[[ Supplied data open ]]

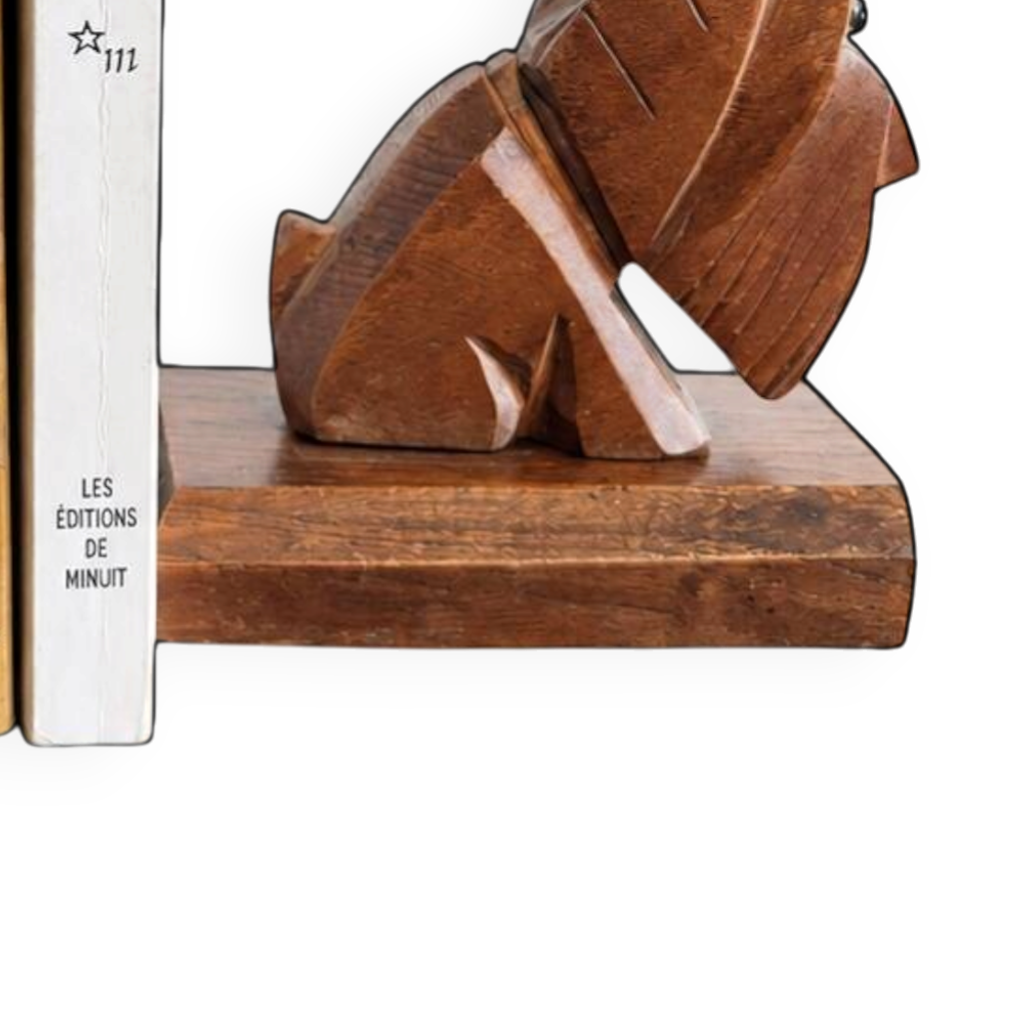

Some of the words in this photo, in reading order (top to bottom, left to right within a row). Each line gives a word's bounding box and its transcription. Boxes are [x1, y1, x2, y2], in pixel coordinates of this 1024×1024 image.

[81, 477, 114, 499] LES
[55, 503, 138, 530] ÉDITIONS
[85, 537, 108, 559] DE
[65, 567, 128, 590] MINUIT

[[ Supplied data closed ]]

*Exercise instructions:* An exact retyping of the entries, without images, is the required answer.

*Solution below:*
Some of the words in this photo, in reading order (top to bottom, left to right within a row). Each line gives a word's bounding box and its transcription. Boxes are [x1, y1, x2, y2], in pixel coordinates of this 1024×1024 image.

[81, 477, 114, 499] LES
[55, 503, 138, 530] ÉDITIONS
[85, 537, 108, 559] DE
[65, 567, 128, 590] MINUIT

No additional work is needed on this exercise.